Enjoy the millennium anniversary.

Friday, 18 April 2014

Sumerian History: 3500-1940BC

Marshes of southern Mesopotamia
When the heavens above did not exist,
And earth beneath had not come into being—
There was Apsu, the first in order, their begetter…
“Enuma Elish”, Babylon c. 1700BC

Looking back through the blogs I realised that while I had written a post about the ancient Sumerian culture I had omitted to give a decent timeline of this impressive civilisation. So, while my overall general thoughts on Sumerian culture can be found in the previous post, this one will focus primarily on just giving an overall timeline of the events of this culture. Due to the chronological issues (to be dealt with in a later post) all dates are given in short chronology and should be treated as subject to academic debate.

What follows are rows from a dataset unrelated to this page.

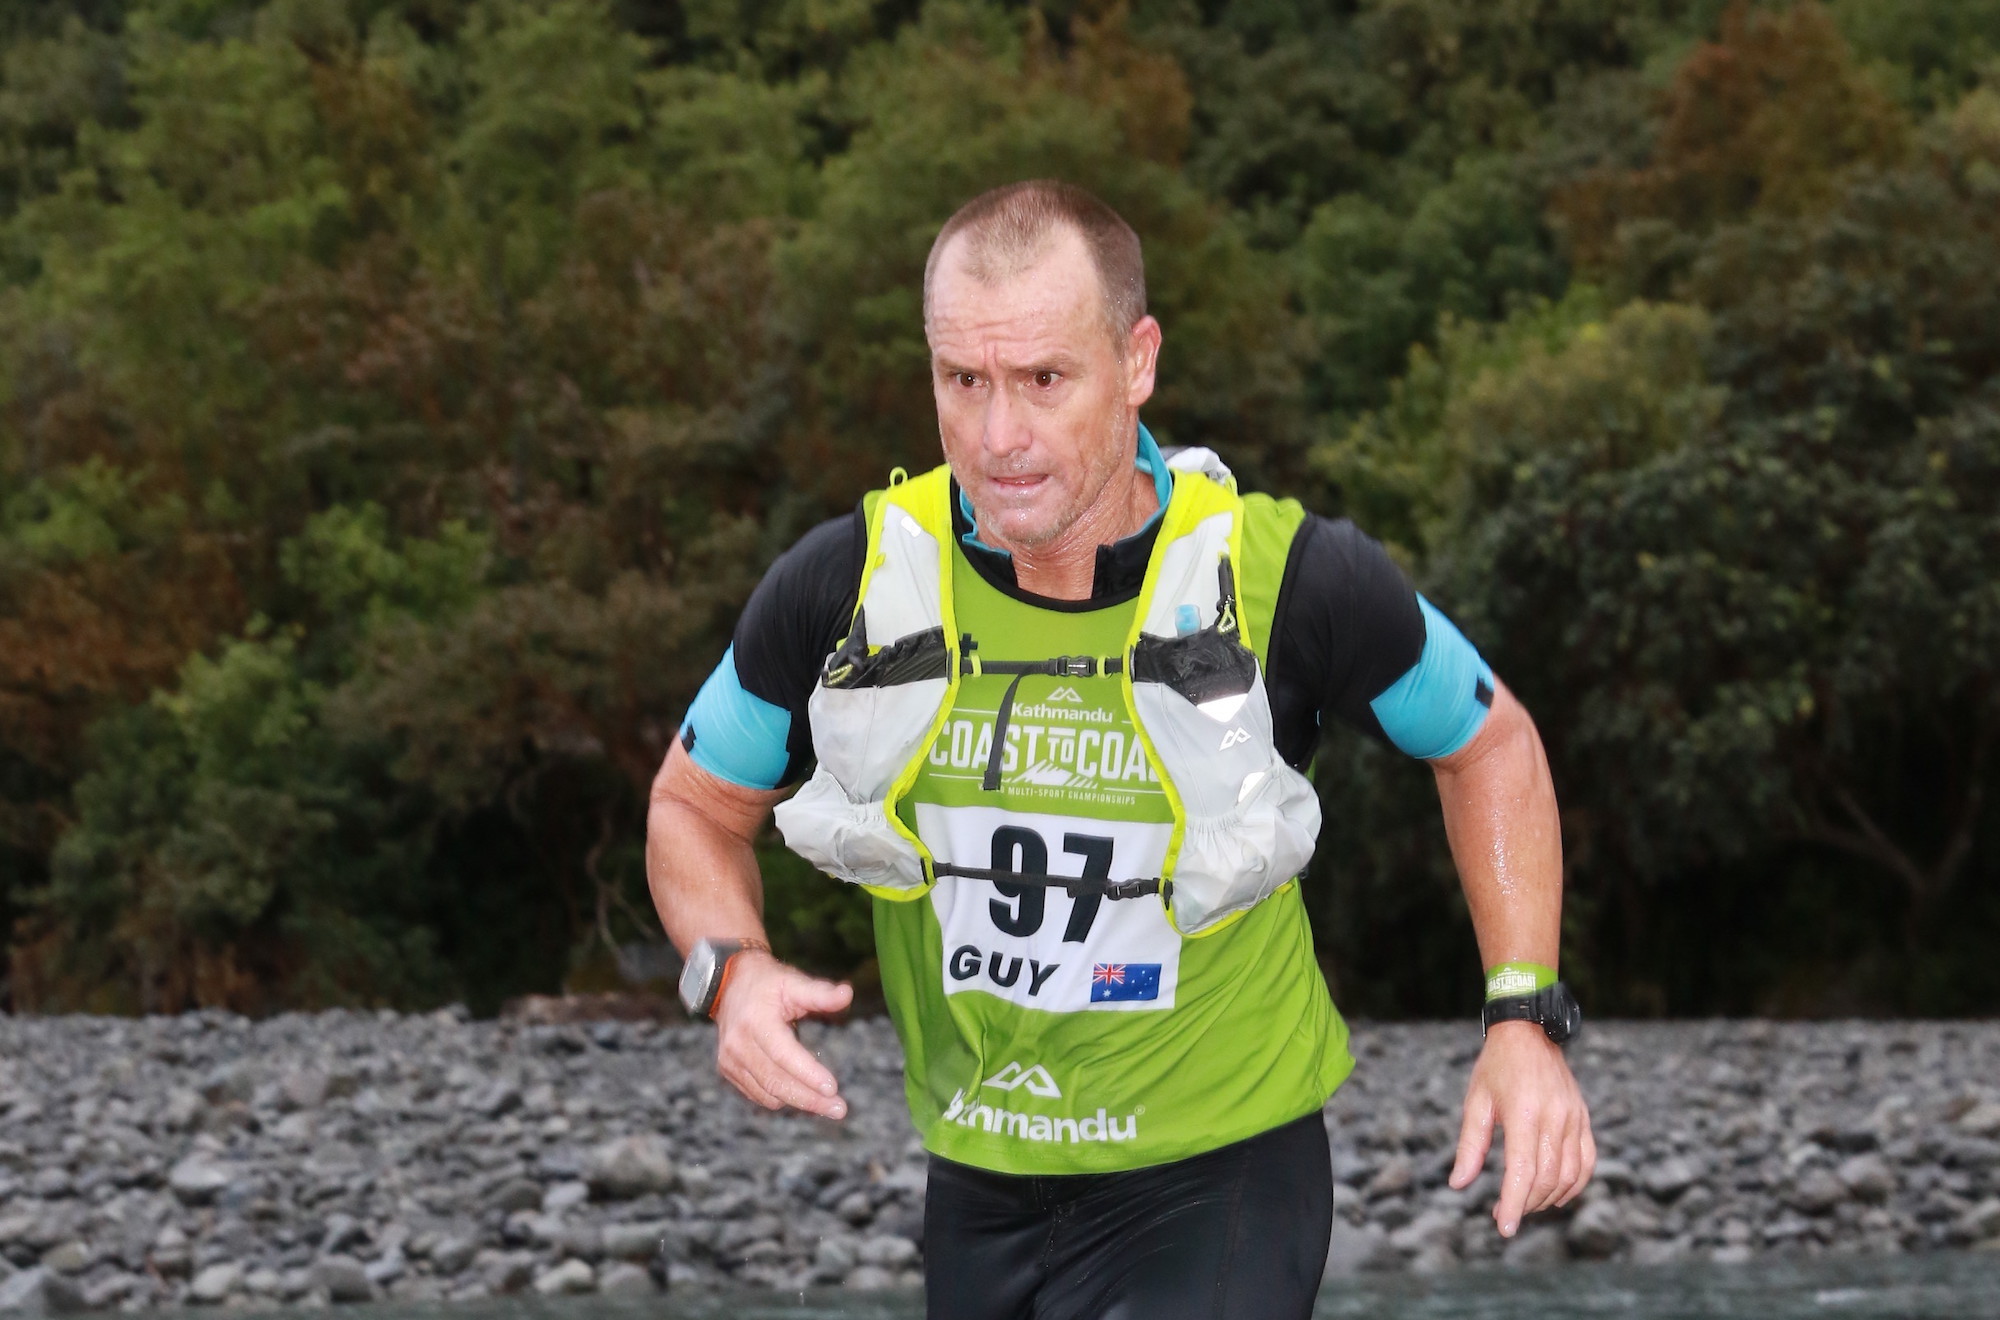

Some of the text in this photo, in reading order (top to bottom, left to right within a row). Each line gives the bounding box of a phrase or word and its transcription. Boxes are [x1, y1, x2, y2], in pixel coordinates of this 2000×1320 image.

[1012, 702, 1113, 724] Kathmandu
[1048, 736, 1075, 763] TO
[1076, 730, 1160, 782] COA
[1008, 786, 1065, 798] MULTI-SPORT
[1068, 790, 1136, 805] CHAMPIONSHIPS
[989, 825, 1114, 943] 97
[950, 945, 1061, 997] GUY

After the kingship descended from heaven, the kingship was in Eridu.
In Eridu, Alulim became king; he ruled for 28,800 years.
Alalgar ruled for 36,000 years.
Two kings; they ruled for 64800 years.
“Sumerian Kinglist” (from a translation of a prism found at Larsa, c. 2000BC)

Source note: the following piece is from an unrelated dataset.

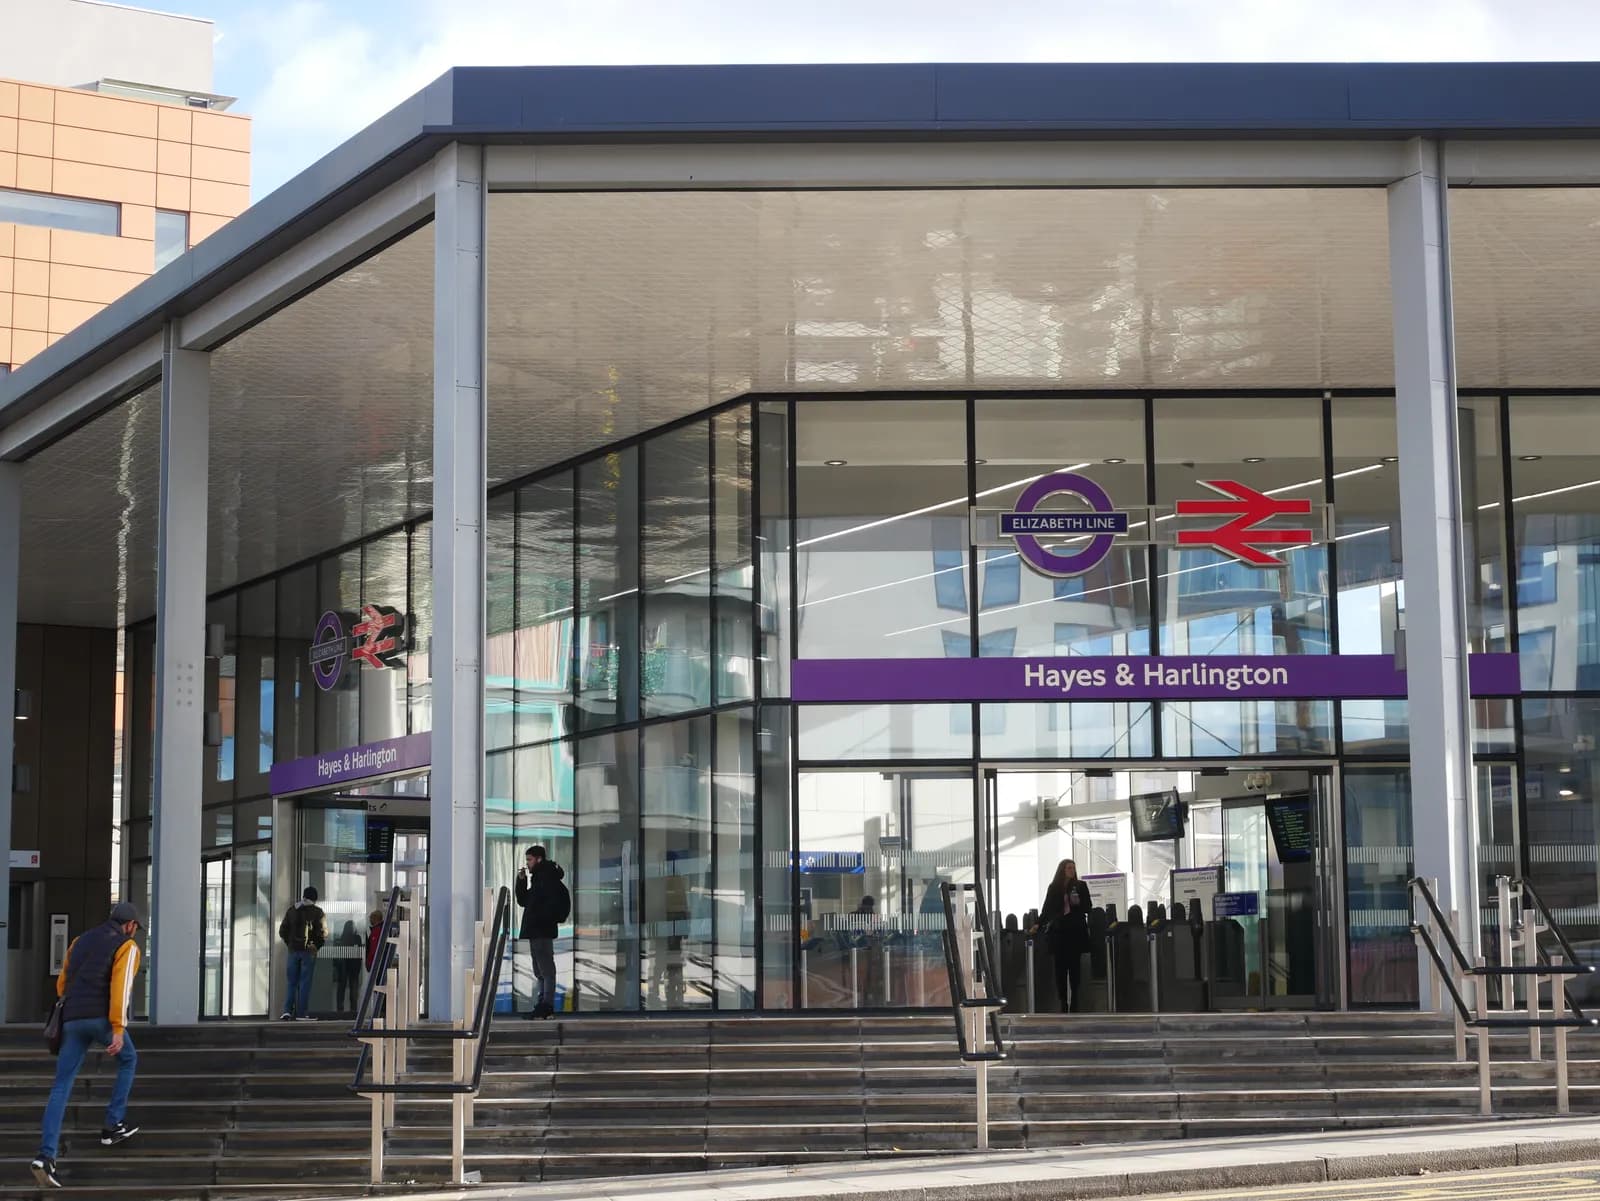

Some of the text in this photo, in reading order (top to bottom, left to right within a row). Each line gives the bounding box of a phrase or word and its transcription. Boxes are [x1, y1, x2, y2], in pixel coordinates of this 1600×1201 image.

[1012, 518, 1116, 529] ELIZABETH LINE
[1024, 663, 1288, 691] Hayes & Harlington
[318, 748, 397, 779] Hayes & Harlington

Artists impression of Eridu
Sumer is not a particularly ancient place of settlement by Neolithic standards. The land in the southern region of Iraq was primarily a marshland that was unsuitable for large scale settlement, so settlements like Catal Huyuk and Jericho predate Sumer. While there is no clear distinction between town and city, these earlier settlements would have been very small with populations that probably were no more than a few thousand at absolute most: pastoralist settlement isolates in a sea of nomads. There was a culture in the centre of Iraq known as the Halaf culture but this culture appears to have been primarily village based and leaves few traces. The first real city seems to have been Eridu in southern Iraq. While it is now quite inland, in that period it would have been on the coast. Around 5000BC there is evidence of a settlement there. This was very (very) gradually extended until the city had a dock, palaces and the first evidence of multi-storied monumental temples. Other smaller towns surrounded Eridu and Eridu’s prominence may have been due to the fact that it had ritual significance. Eridu was built on a fresh water marsh and the original mound the city was built on was believed to be the first dry land when the world was created out of the waters, (this was referred to as Apsu, later personified as a god in Babylonian mythology).

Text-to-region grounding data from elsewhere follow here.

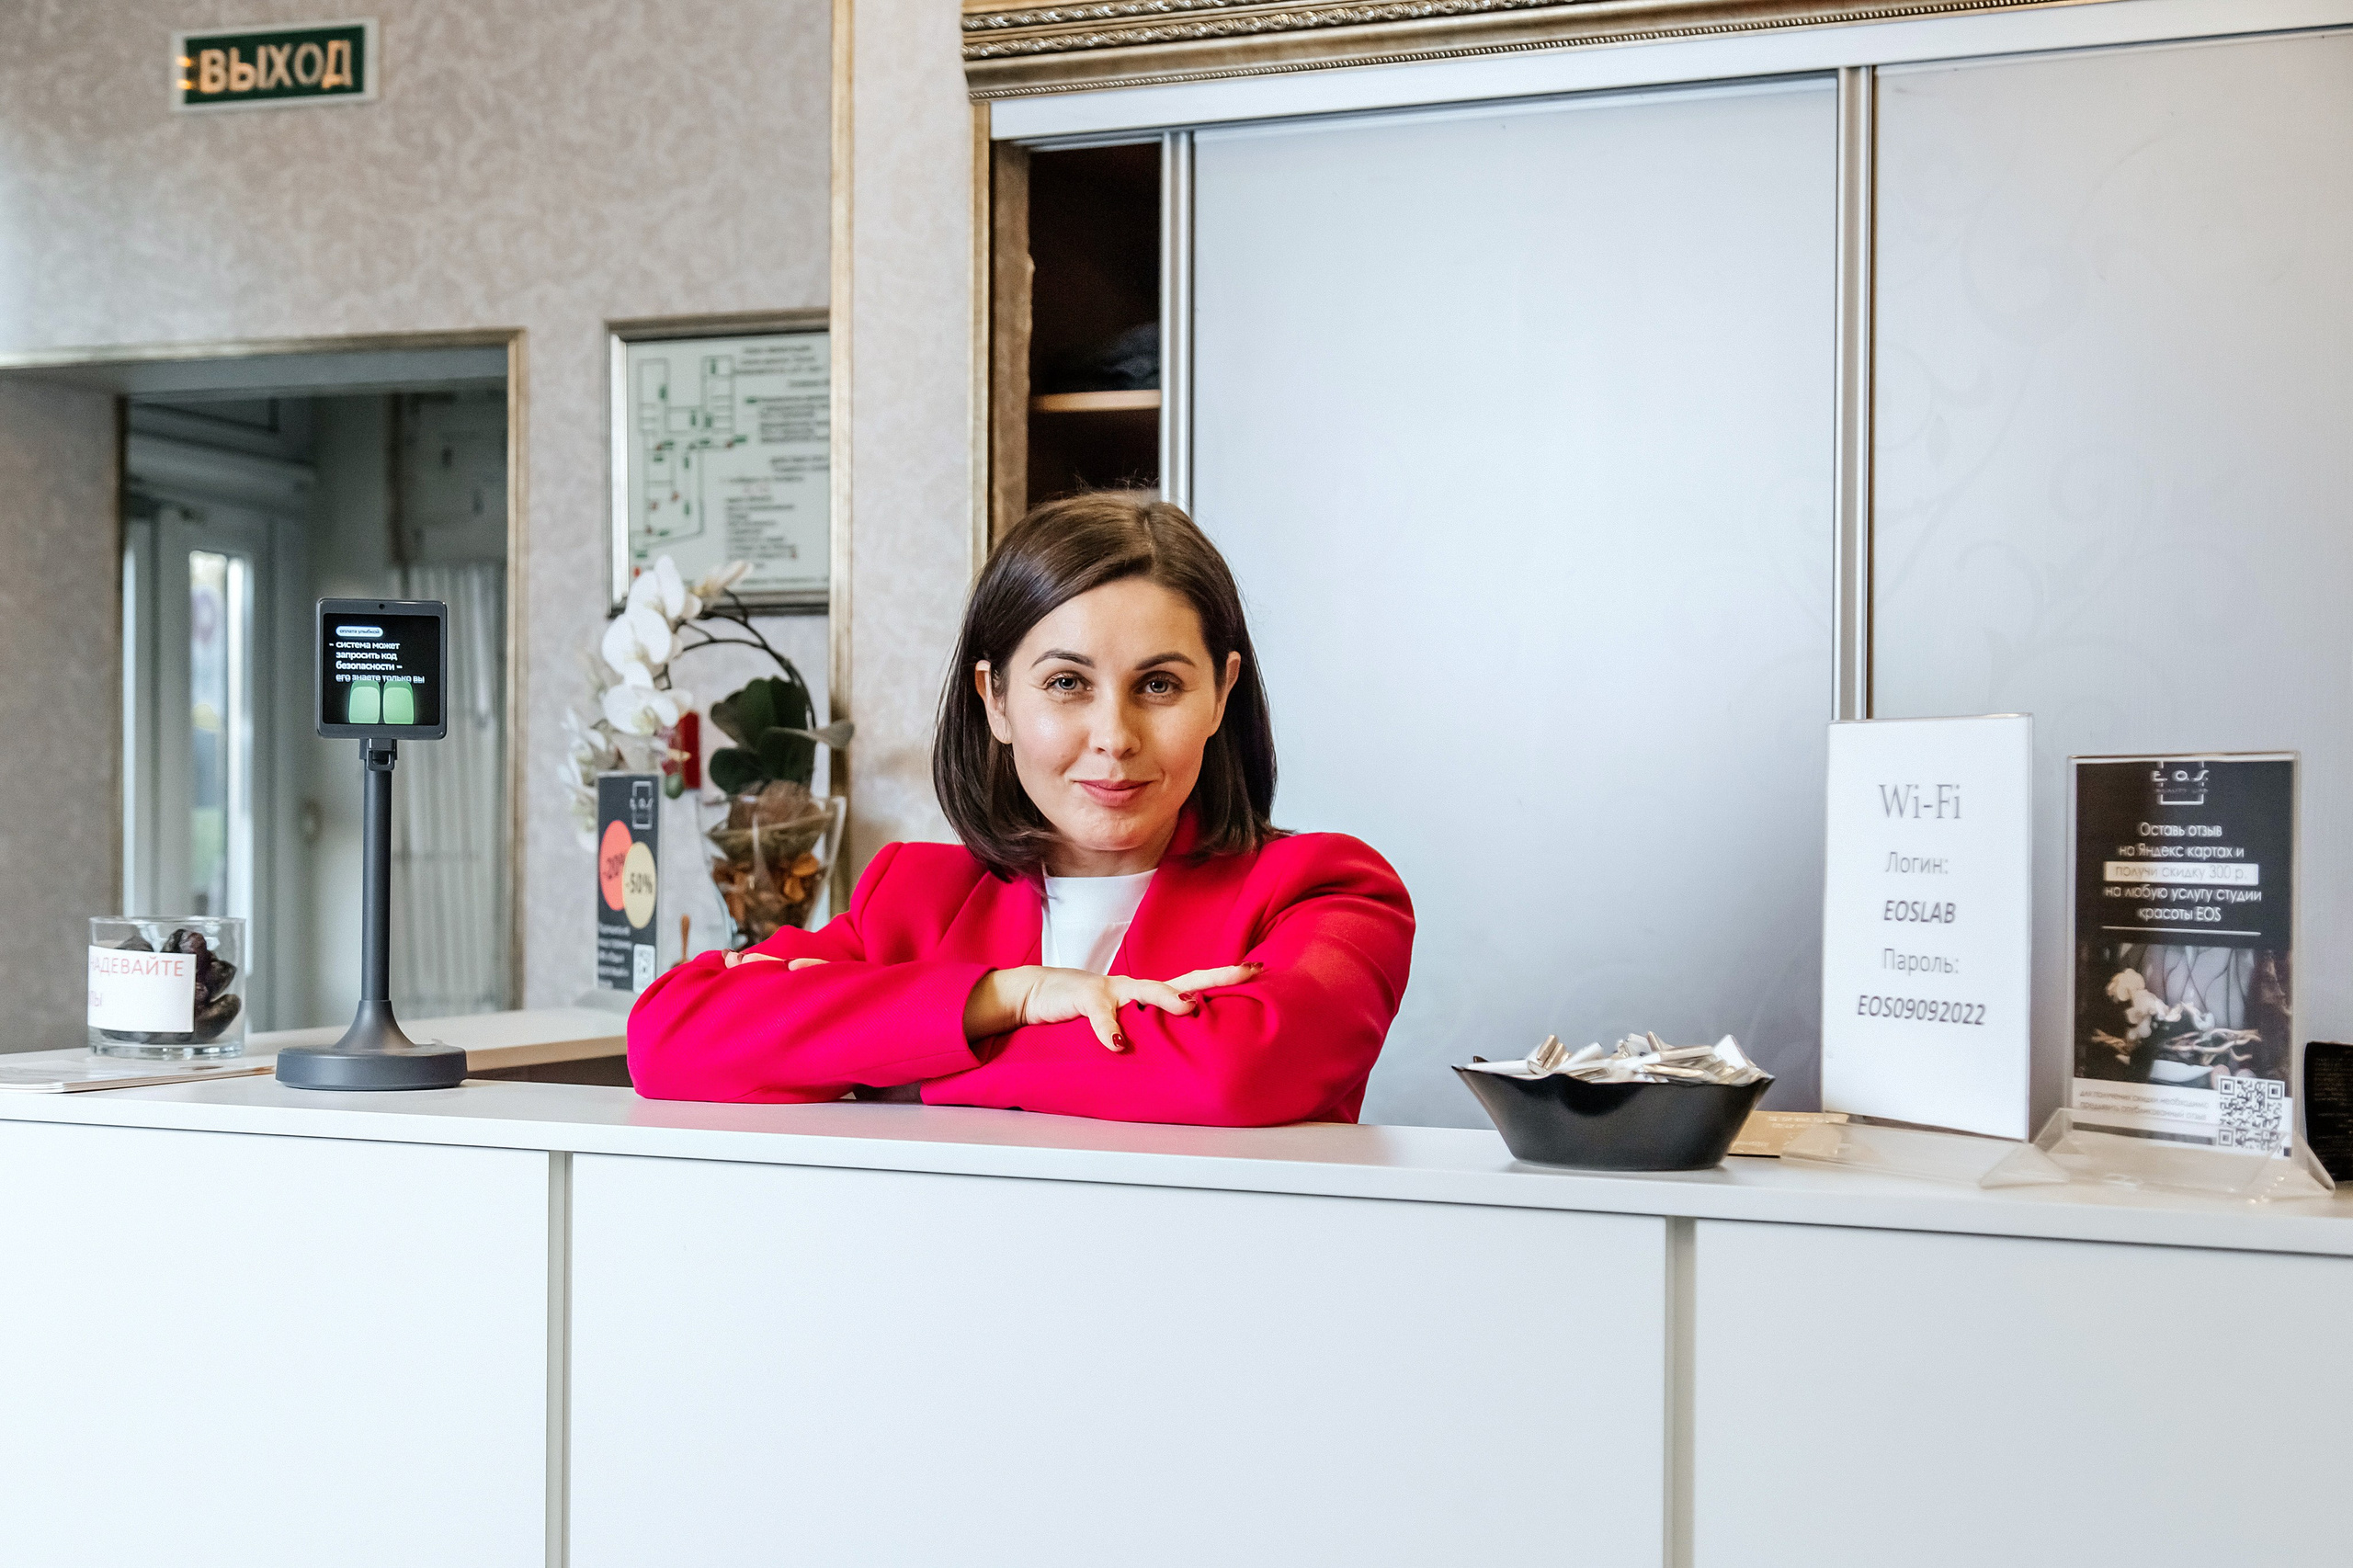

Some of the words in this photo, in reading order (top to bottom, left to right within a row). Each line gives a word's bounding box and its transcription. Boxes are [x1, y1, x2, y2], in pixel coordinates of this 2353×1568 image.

[199, 40, 353, 94] ВЫХОД
[372, 642, 400, 650] может
[335, 651, 381, 661] запросить
[381, 652, 398, 661] код
[335, 660, 395, 671] безопасности
[335, 674, 351, 683] его
[352, 674, 381, 682] знаете
[382, 675, 412, 683] только
[413, 675, 426, 684] вы
[1879, 784, 1961, 819] Wi-Fi
[2138, 822, 2185, 837] Оставь
[2187, 824, 2222, 837] отзыв
[2118, 846, 2135, 858] на
[2137, 842, 2185, 858] Яндекс
[2187, 846, 2234, 860] картах
[2235, 846, 2245, 858] и
[1885, 851, 1949, 875] Логин:
[2115, 866, 2158, 881] получи
[2162, 867, 2205, 881] скидку
[2209, 864, 2231, 879] 300
[624, 871, 654, 894] -50%
[2104, 886, 2121, 898] на
[2124, 883, 2168, 901] любую
[2171, 887, 2213, 903] услугу
[2215, 888, 2262, 903] студии
[1883, 900, 1957, 924] EOSLAB
[2138, 907, 2193, 922] красоты
[2195, 905, 2222, 923] EOS
[1883, 948, 1960, 976] Пароль:
[1857, 994, 1986, 1026] EOS09092022

“Enmerkar’s speech was very grand; its’ meaning very profound. But the messenger’s mouth was too heavy, and he could not repeat the message. Because the messenger’s mouth was too heavy, and he could not repeat it, the Lord of Kulab (that is, Enmerkar) patted some clay and put the words on it as on a tablet. Before that day, words put on clay had never existed. But now, when the sun rose on that very day — so it was! The Lord of Kulab had put words as on a tablet — so it was!”
“Enmerkar and the Lord of Aratta”, lines 500–06, Ur, c2100BC (after Vanstiphout 2003, p. 85): Mesopotamian account of the origin of writing

Ruins of Temple of Inanna in Uruk
Around 3000BC the irrigation of the hinterland of Eridu had drained most of the marshes in the area, leading to salinity poisoning of the crops and the emigration of the fishing population of the surrounding area. The centre of culture moved northward to Uruk, which was far larger than Eridu had been and depended on the river Euphrates for irrigation rather than the marshlands of the coast. The population of Uruk was about 20,000-50,000 (un-disputably a city) and it was at this period that the proto-writing of signs and tokens developed into a full-fledged script to deal with the complexity of administering this burgeoning civilisation.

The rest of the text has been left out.